Tortona’da bir sürü eski bina, depo var.
Her birinde bir başka ülke ya da marka kendi ürünlerini sergiliyor.
Kuru kuru sergilemiyorlar tabii, hepsinde ayrı bir parti ve kokteyl.
Birinden çıkan diğerine gidiyor, elinde kadeh ve şemsiyeyle...
Tortona’da sergilenen çok acayip işler de var.

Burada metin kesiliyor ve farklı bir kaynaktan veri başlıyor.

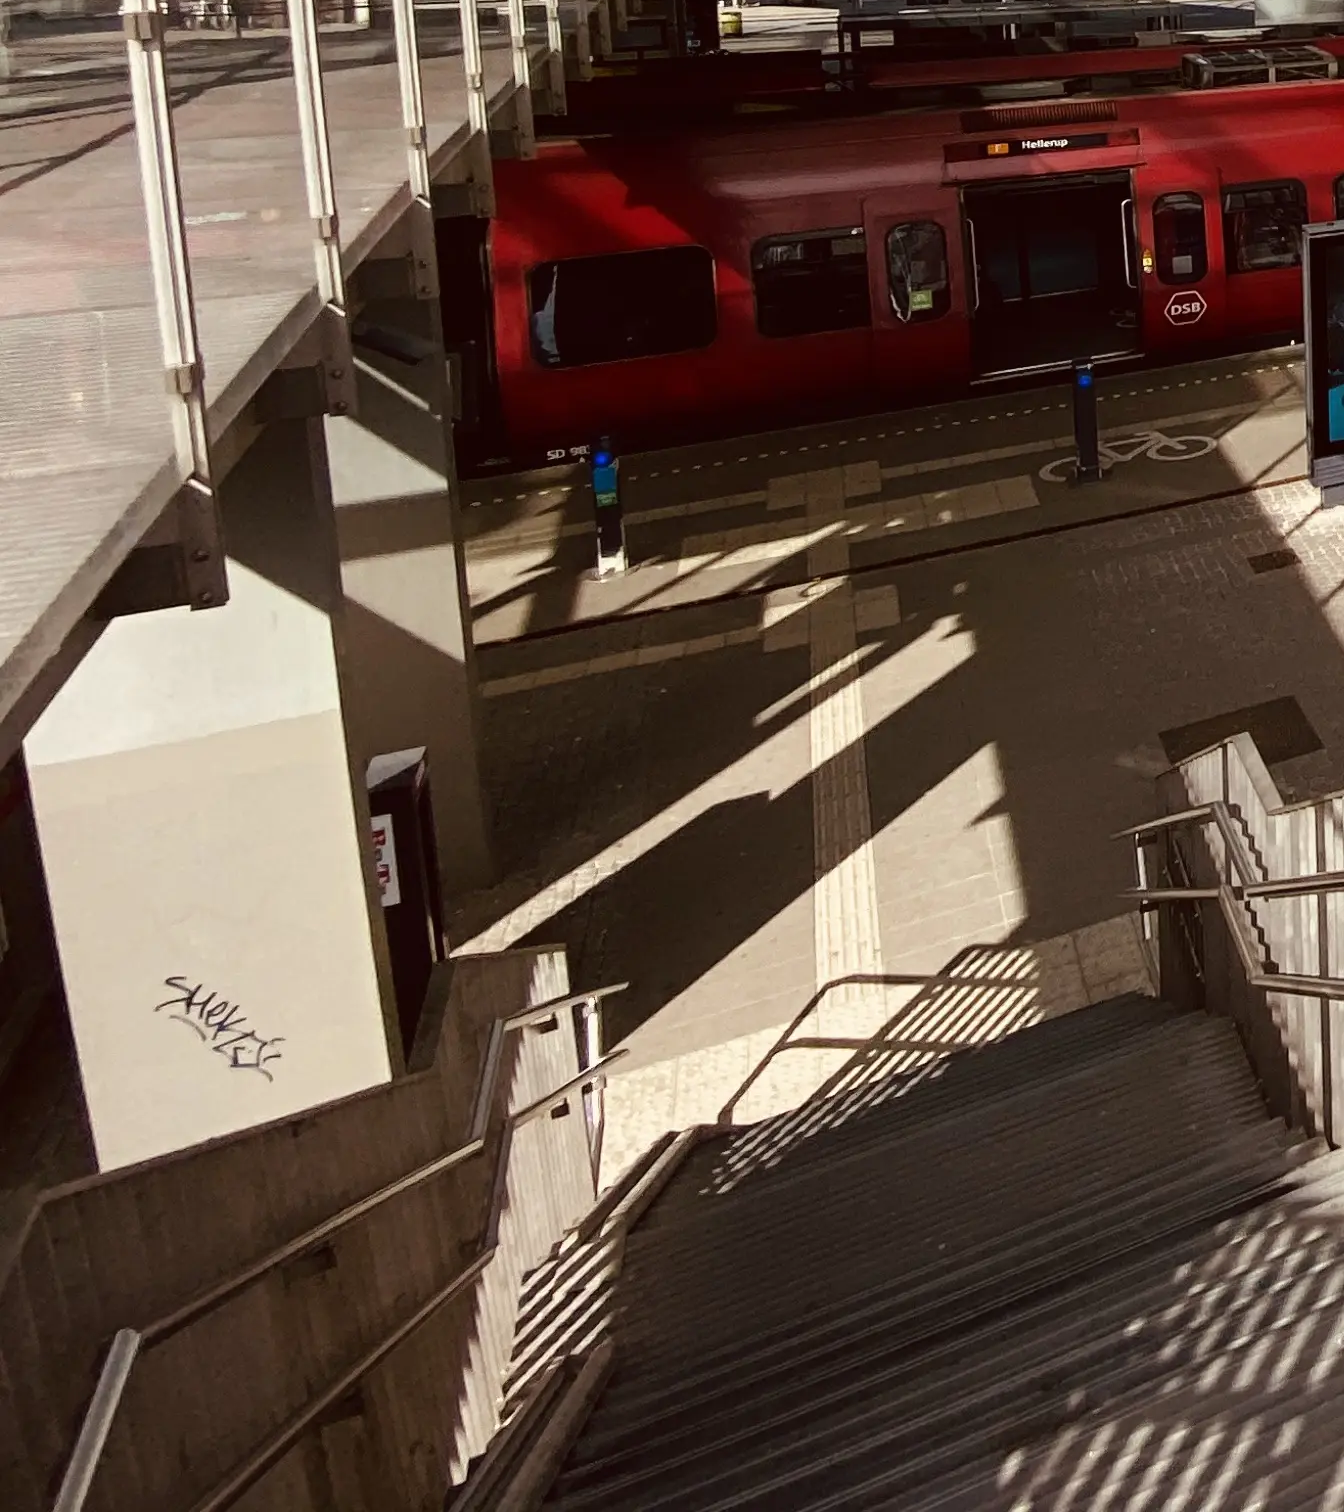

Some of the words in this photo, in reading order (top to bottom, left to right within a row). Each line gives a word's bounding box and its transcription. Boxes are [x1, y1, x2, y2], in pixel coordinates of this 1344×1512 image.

[1022, 139, 1069, 150] Hellerup
[1171, 302, 1201, 316] DSB
[546, 449, 566, 461] SD

Gayet sıradan, artık gözlerin alıştığı ve şaşırtmayan o minimal şeylerden de...
Çünkü tasarım nankör bir şey.
Yeni olmak tek dert değil; hem had safhada çevreci olman hem geleceği öngörmen hem de kendi kimliğini ortaya koyan işler çıkarman mühim.

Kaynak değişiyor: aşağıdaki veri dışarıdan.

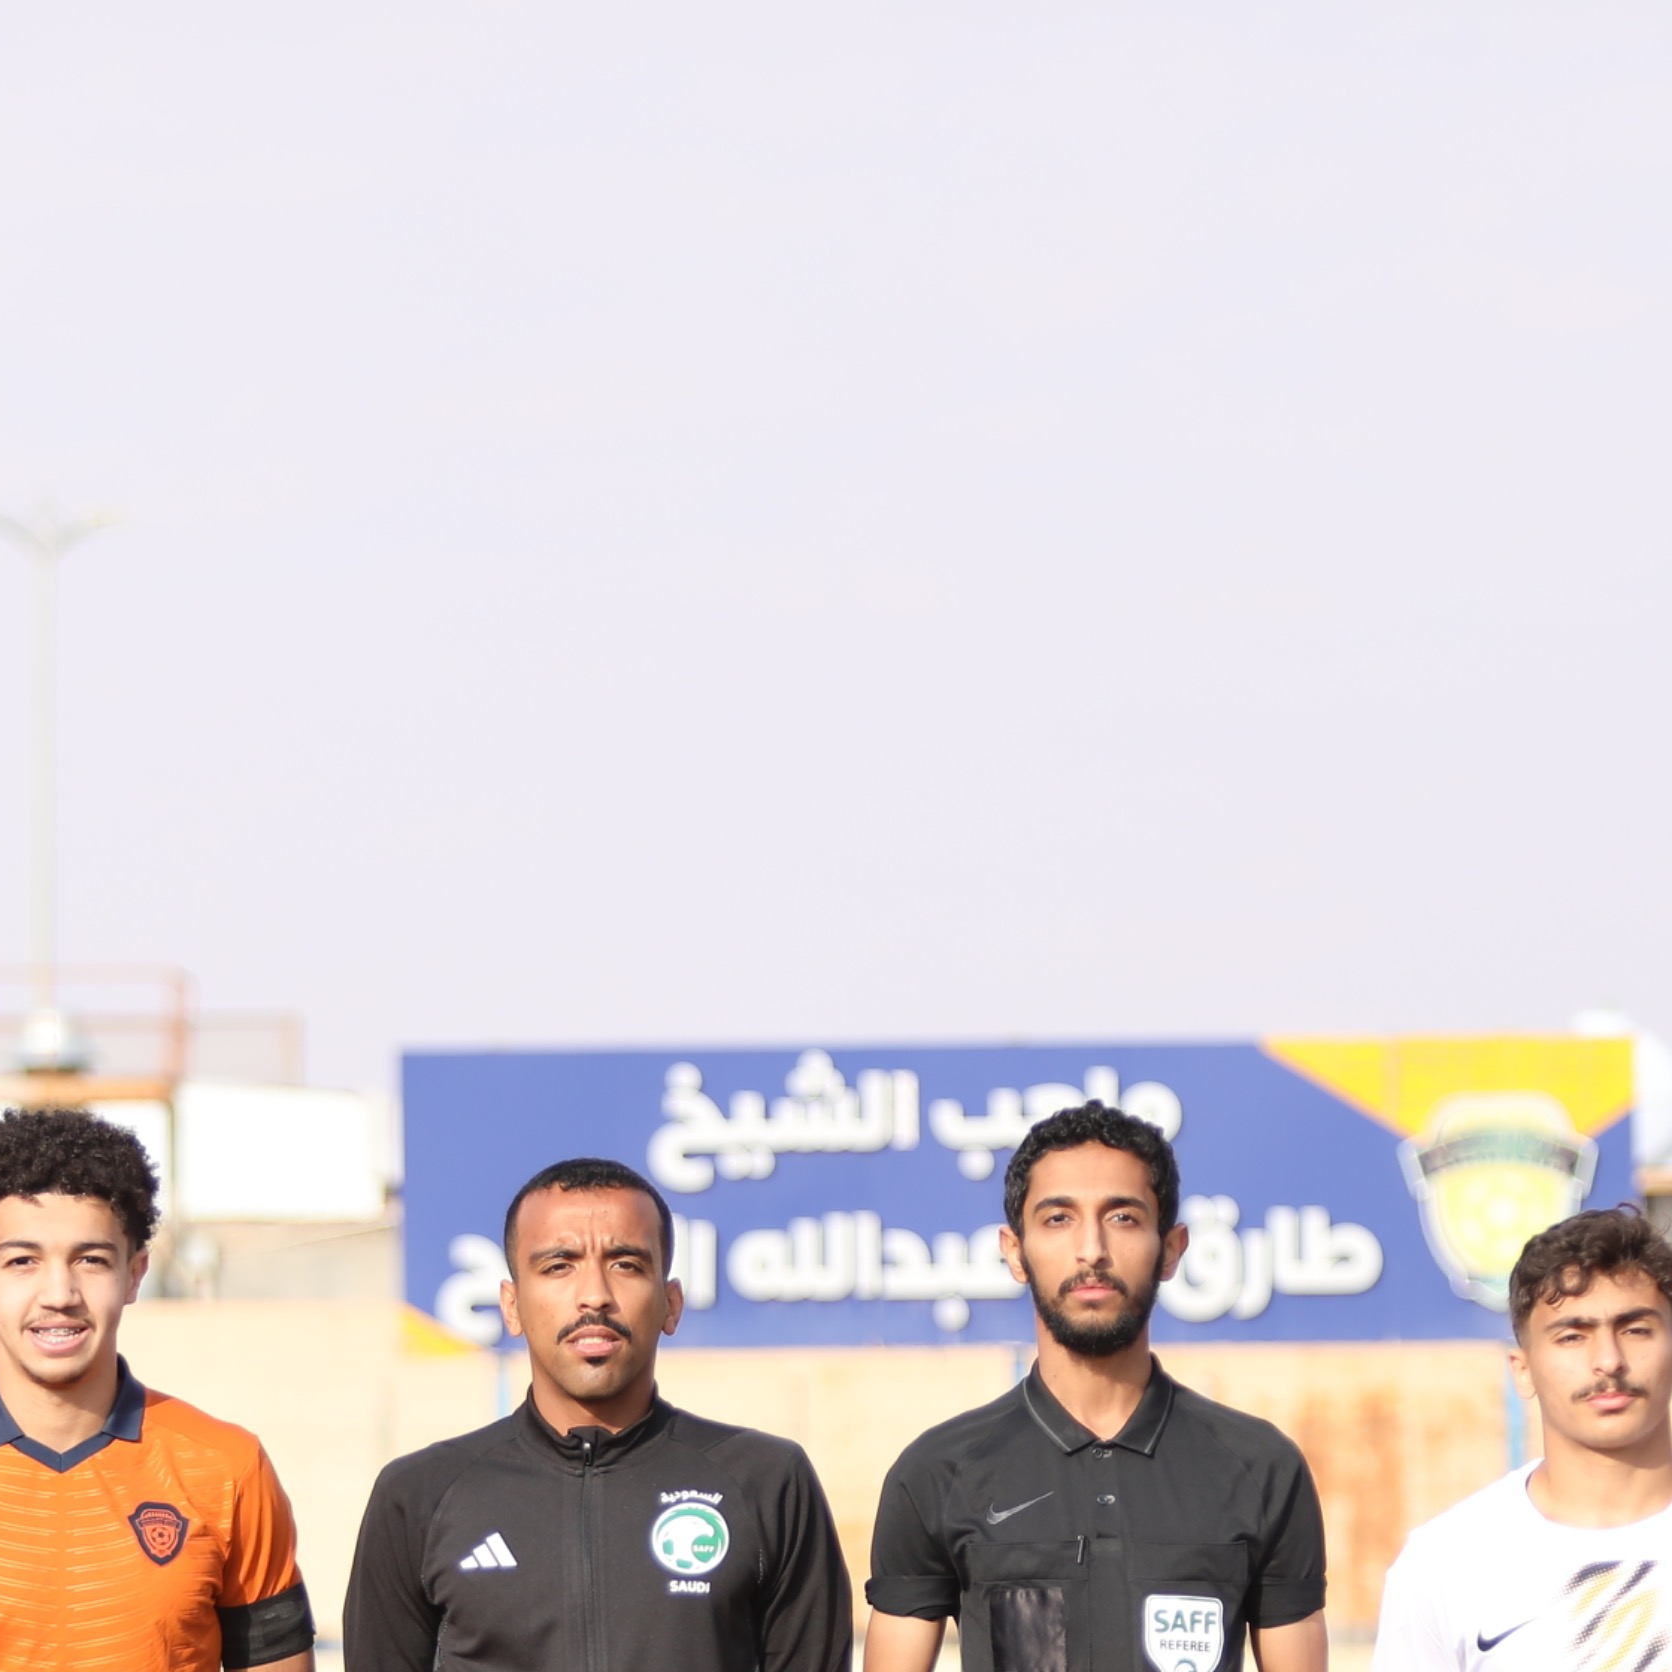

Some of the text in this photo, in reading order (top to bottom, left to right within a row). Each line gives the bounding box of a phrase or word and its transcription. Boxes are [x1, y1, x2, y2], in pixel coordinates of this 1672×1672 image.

[646, 1048, 920, 1194] الشيخ
[1158, 1193, 1384, 1323] طارق
[727, 1209, 1028, 1333] عبدالله
[660, 1490, 724, 1505] السعودية
[693, 1544, 715, 1553] SAFF
[669, 1580, 711, 1594] SAUDI
[1154, 1609, 1217, 1634] SAFF
[1159, 1639, 1211, 1652] REFEREE

Eh üçü bir arada kolay değil.
Ya şahane bir şey oluyor ya da hiçbir şey...
Tortona sonrası gidilecek yer ise Brera mahallesi.
Burası daha köklü bir tasarım bölgesi, daha aristokrat.
Tortona’daki tasarımlar genç ve serseri ise Brera’daki mağazalarda yer alanlar daha ağır, daha oturaklı...
Peki Türkler neler yaptı bu tasarım haftasında?
O da bir sonraki Milano kutusunda...
Türkler ne yaptı
- TÜRK MERMERİNİN SÜKSELİ SERGİSİ
Zona Tortona’da Türk mermerinin imajını kuvvetlendirmeyi hedefleyen bir sergi vardı.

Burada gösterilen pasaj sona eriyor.